In Shenzhen, where average home prices have jumped more than 57 percent in the last year, the local government also introduced stricter buying rules after central authorities in Beijing vowed to prevent a housing bubble in China’s booming first-tier cities earlier this month.
The new measures in the large cities have been necessitated by a surge in credit through official and shadow-banking channels that has found its way into first-tier housing markets, after China cut interest rates six times since 2014.
Limited Eligibility and Higher Downpayments
Shanghai’s new home purchase restrictions, which went into effect immediately on Friday, include limiting buying eligibility to residents who have paid income taxes and contributed to social benefit funds for the past five years – up from only two years previously.
In contrast to the rest of the country, where down-payments on purchases of additional homes were lowered to 30 percent from 40 percent in February, buyers in Shanghai will need to put down 70 percent of the cost of second homes which are defined as luxury homes, and 50 percent for more modest units.
According to an account on Caixin, the local government now defines luxury homes as units larger than 140 square meters, or priced at more RMB4.5 million (US$691,000) within the Inner Ring Road, above RMB3.1 million between the Inner and Outer Ring roads, or above RMB2.3 million if outside the Outer Ring Road.
The new rules also restrict banks’ ability to offer discounted mortgages.
China’s Hottest Market Goes for Milder Cooling
In Shenzhen, which has had China’s hottest property market since average prices began to recover last year, buyers of additional homes will now need to put down 40 percent, instead of the 30 percent prevailing previously, provided that they do not have outstanding mortgages on other properties.
The southern metropolis is also requiring that residents without a local household registry should have made at least three years of social security payments before becoming eligible to buy a home in the city, rather than just one year, as was the case in the past.
Data from the Shenzhen Urban Planning and Land Resources Committee indicated that in February 2016 the average transaction price of new homes in the city reached RMB48,095 per square meter, an increase of over 72 percent from the same month last year.
China Struggles to Control Diverging Markets
Housing prices in Shanghai and Shenzhen, which are also home to China’s two biggest stock exchanges have surged since the middle of last year, coinciding closely with the collapse of an epic bull run in locally-listed equities.

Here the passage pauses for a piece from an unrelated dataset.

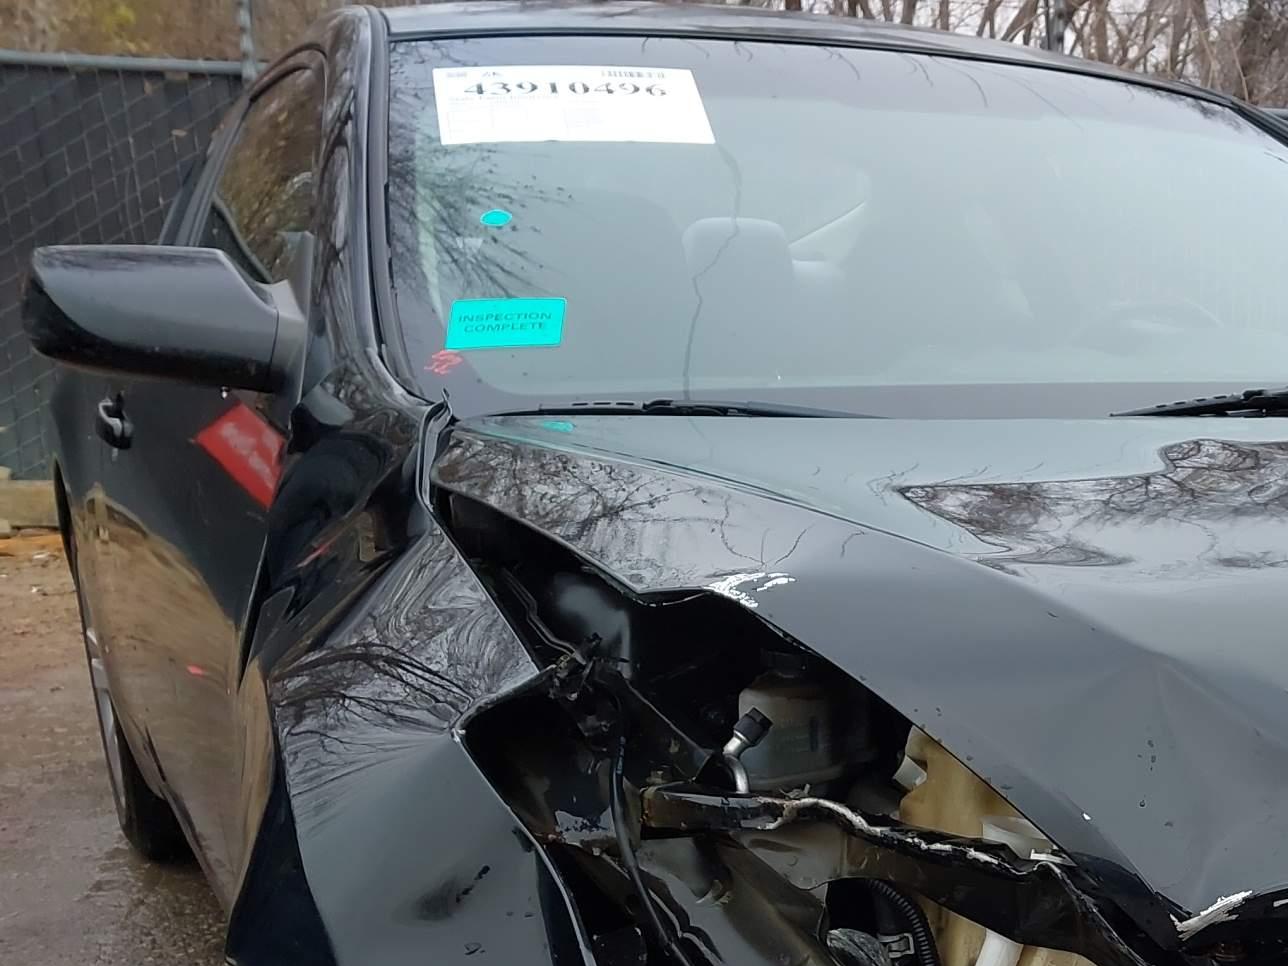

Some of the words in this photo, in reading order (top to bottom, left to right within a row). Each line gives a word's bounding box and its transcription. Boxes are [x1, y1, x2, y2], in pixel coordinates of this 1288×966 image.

[463, 80, 667, 97] 43910496
[458, 311, 552, 323] INSPECTION
[464, 321, 545, 333] COMPLETE
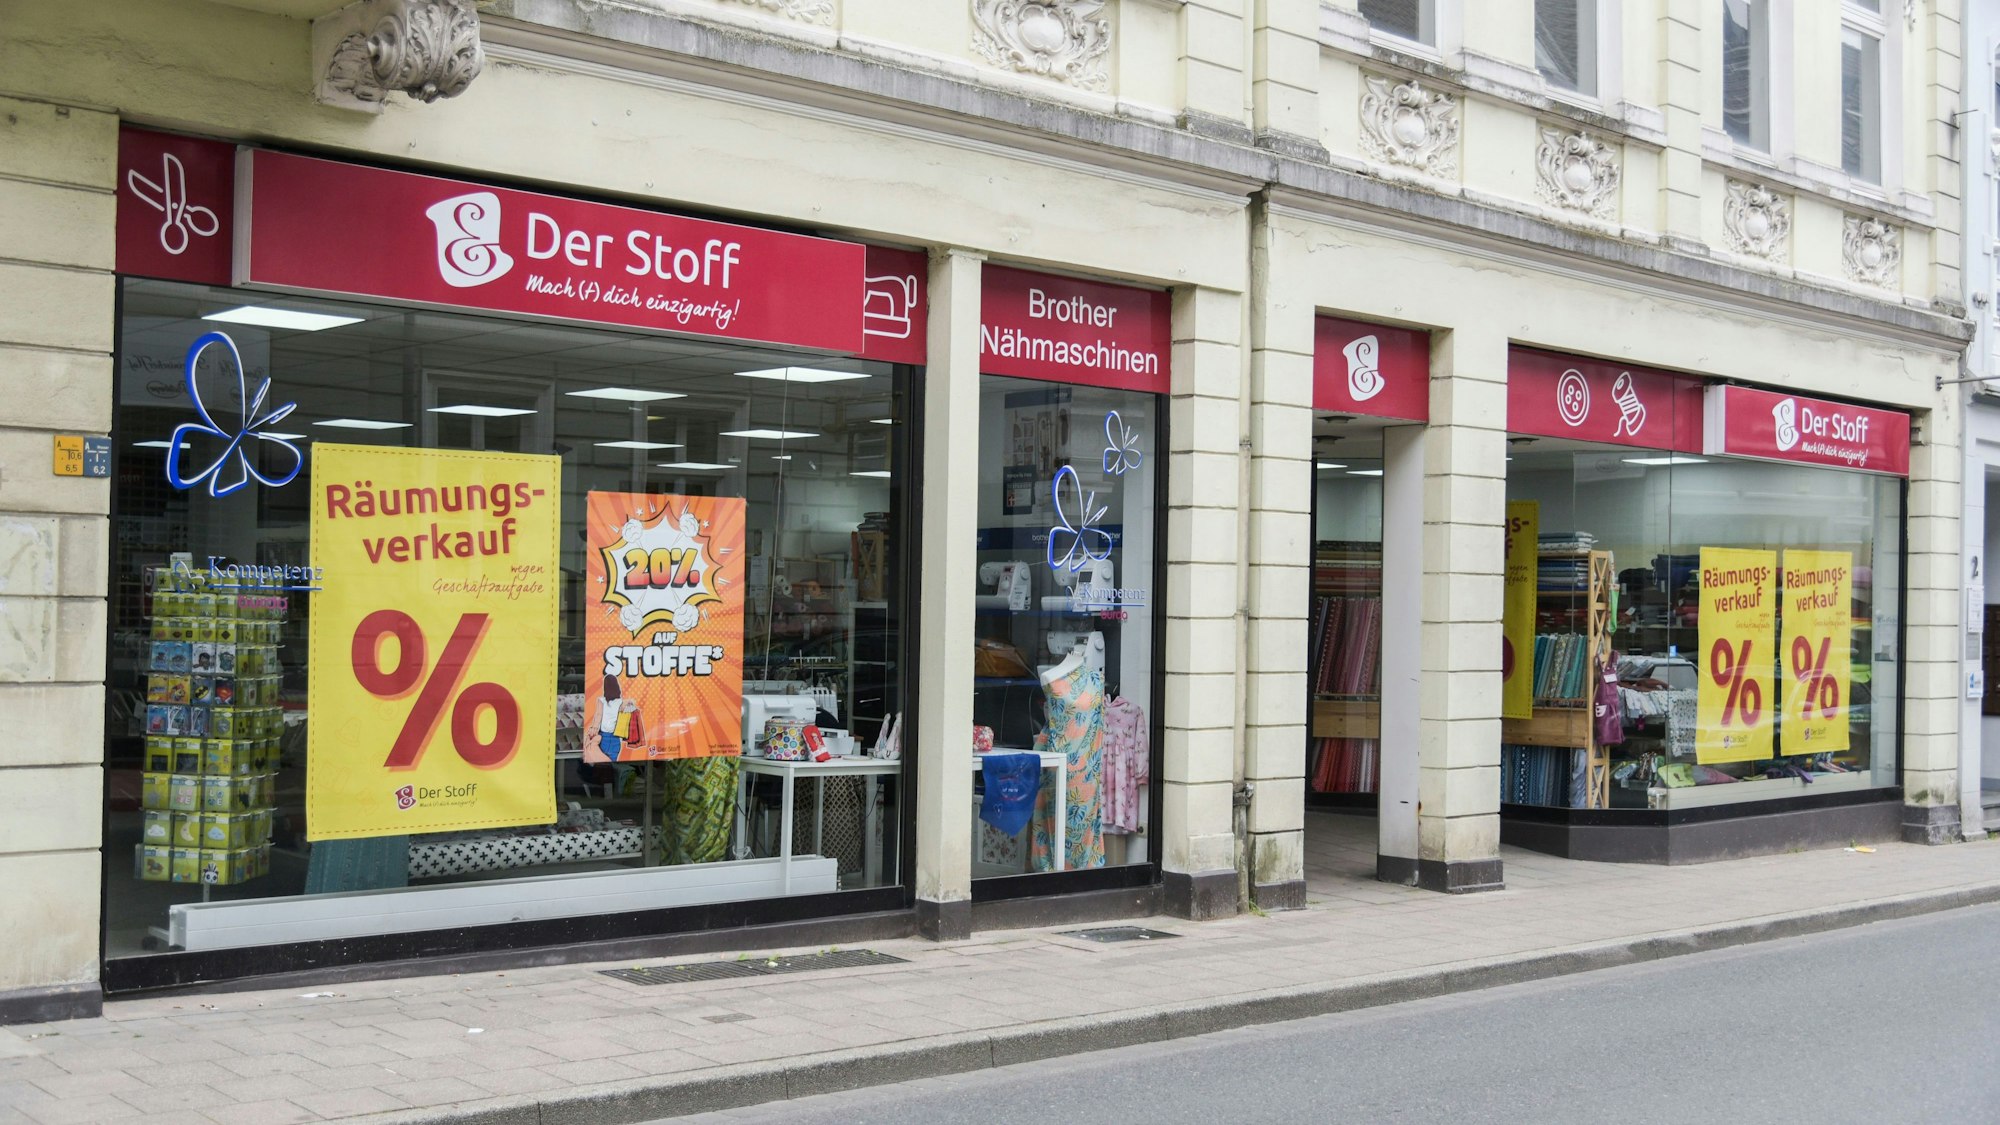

With housing in the major cities seen as one of the last safe financial refuges, investors with spare cash have poured into the housing markets of the two urban hubs, driving Shanghai prices up 20.6 percent in the last year, according to data from the National Bureau of Statistics.
Outside of the first-tier cities China is struggling to sell down a housing inventory that has reached 1.8 billion square metres, according to HSBC. In December the government identified the destocking of this overhang of unsold homes as a national priority after growth in real estate investment, which is estimated to drive at least 15 percent of China’s GDP, slid to just one percent last year.
However, even with three rounds of reductions in downpayment levels in these lower tier cities, and six rounds of interest rate cuts in the last two years, 15 out of China’s 70 largest communities still reported falling housing prices during February.